In example 6, the touch of the line was classified as a quantity by the contestant, and the period may be explained as a period of time. On the other hand, the identifier is described as the same range as MISC due to properties such as penalty or The cause of death That was used to form the official gazette. Likewise, in examples 7 and 8, human broadcasters decided to put a sign of these periods as Dem, and displaying the addresses of function and diagnosis are demographic features. The identifier has discovered the entity of both periods and described it as MICC, since the relevant medical properties or The cause of death And the characteristics that contain words related to the function and which the names have not been used in the Official Gazette.
Figure 4 in the Apiter C shows a detailed collapse of all pairs of sticker disputes, common between the two data collections. Typical miscarriage is often found in many cases of sticker disagreements. In the next section, make an effort to analyze this semantic type with more details.
4.5 Identity of the semantic type
The MISC category was defined in Section 3 as a kind of personal information that cannot be set in any of the other categories, that is, the person, Org, LOC, symbol, dateteime, quantity or Dem. We conducted a qualitative analysis of this category in both Tab Corpus and Wikipedia CVs to understand this type PII type better.
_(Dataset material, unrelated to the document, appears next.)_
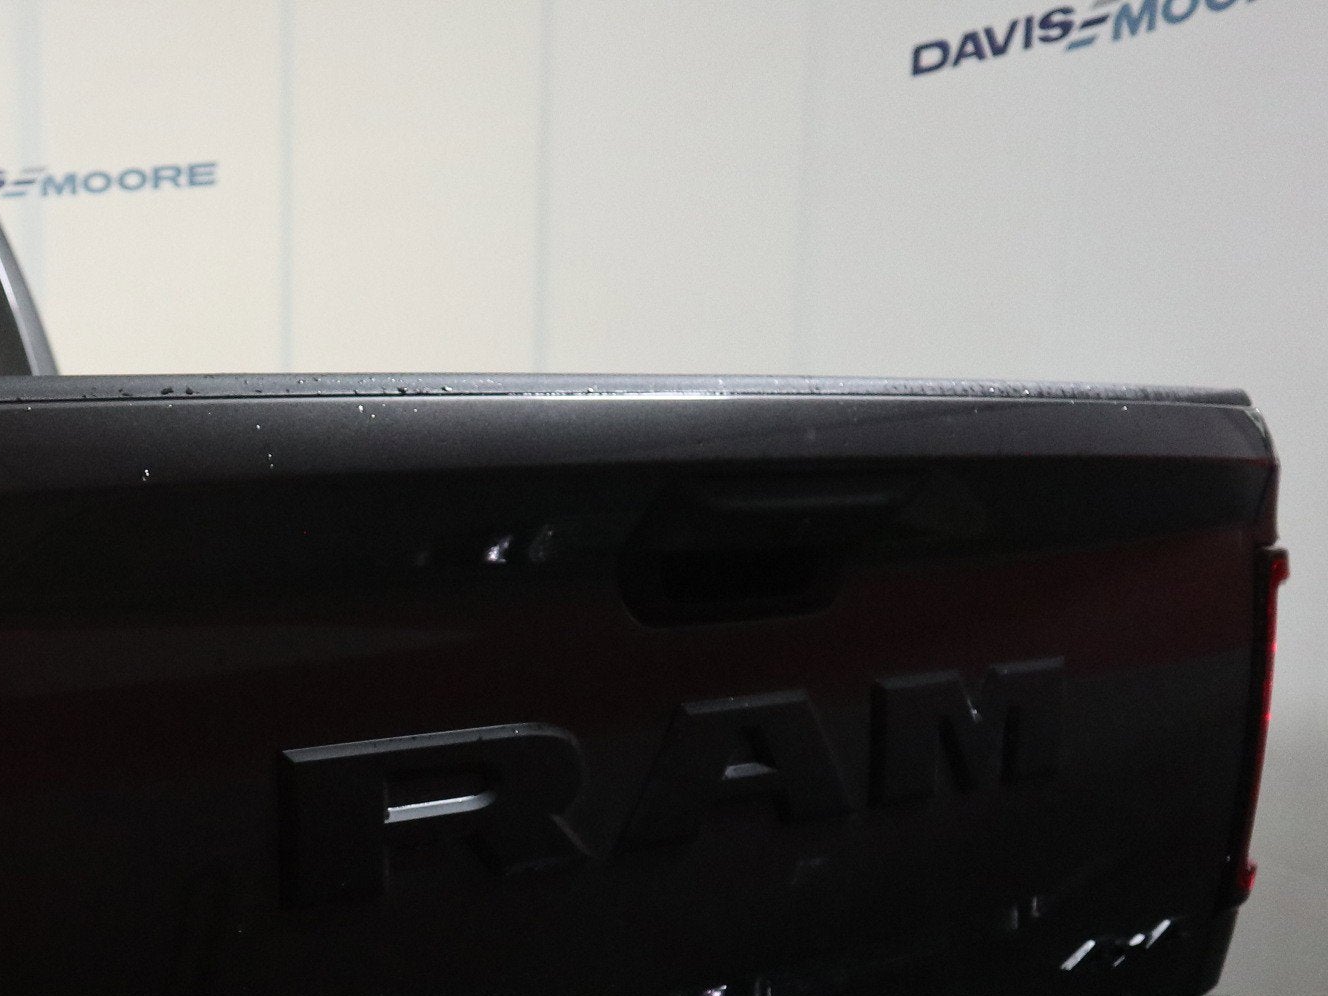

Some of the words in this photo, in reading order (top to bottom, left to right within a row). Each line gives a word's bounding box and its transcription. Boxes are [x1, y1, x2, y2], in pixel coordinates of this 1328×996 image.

We have found that most MISC periods can be set to the next six sub -categories:
Events: Four men, my husband is mixed, World War II
She quoted: “The need for more exploration to see you in, and the responsibility of the crime of the index and the clear lack of sympathy towards the victim.”
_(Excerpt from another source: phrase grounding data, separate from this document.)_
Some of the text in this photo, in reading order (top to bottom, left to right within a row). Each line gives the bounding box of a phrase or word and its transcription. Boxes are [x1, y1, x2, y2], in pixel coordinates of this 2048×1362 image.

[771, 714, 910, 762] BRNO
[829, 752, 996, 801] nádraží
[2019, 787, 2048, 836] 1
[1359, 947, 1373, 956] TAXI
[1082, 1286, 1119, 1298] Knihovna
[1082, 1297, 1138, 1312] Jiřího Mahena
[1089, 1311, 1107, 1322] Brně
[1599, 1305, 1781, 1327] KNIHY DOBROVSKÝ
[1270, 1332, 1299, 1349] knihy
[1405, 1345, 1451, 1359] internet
Health: Packing of lead to the face, multiple sclerosis, blood poisoning
Artworks: ((Only in WikipediaStar Trek: The original series, the book and the Brotherhood
Crimes: (Only on the tabDeciding tax assets, seriously, the charge of attempting to kill
Laws: (Only on the tab) Sections 1 and 15 of the theft Law of 1968, Article 125 of the Criminal Code, 19 § 4
Some of these groups are completely general and can be found in a large number of texts, such as events or health. Others are for a field of text, such as crimes, which are likely to be observed in court cases.
Finally, there were also examples of MISC that could not be assembled in the 6 categories above. These include, for example, different types of objects or words related to the occupation, or anything else that is difficult to appoint for a specific group:
Item: Golden metal, weekly newspapers, car, motorcycle, police vehicle
Related profession: science policy, basketball skills, kiss, and coach
Another: empowering the backward layers, responsibility for children’s poverty, child care, and deliberate killing [assassinat] And in the alternative with killing [meurtre]
The above analysis is restricted to the two data collections used in this paper. Of course, it is permissible, of course, to enrich the entity directed to privacy with other sub -categories. Pillaan and others also indicated. (2022), MISC was also the PII category that the most difficult human broadcasters found. Despite this difficulty, MISC periods are still an important part of the purification of the text, as many of these pipes provide detailed information about the individual concerned.
[6] This differs from a previous evaluation in Babadubulo and others. (2022) where only a sub -set of stickers such as Org, LOC or MIC and the quantity are considered to be seen.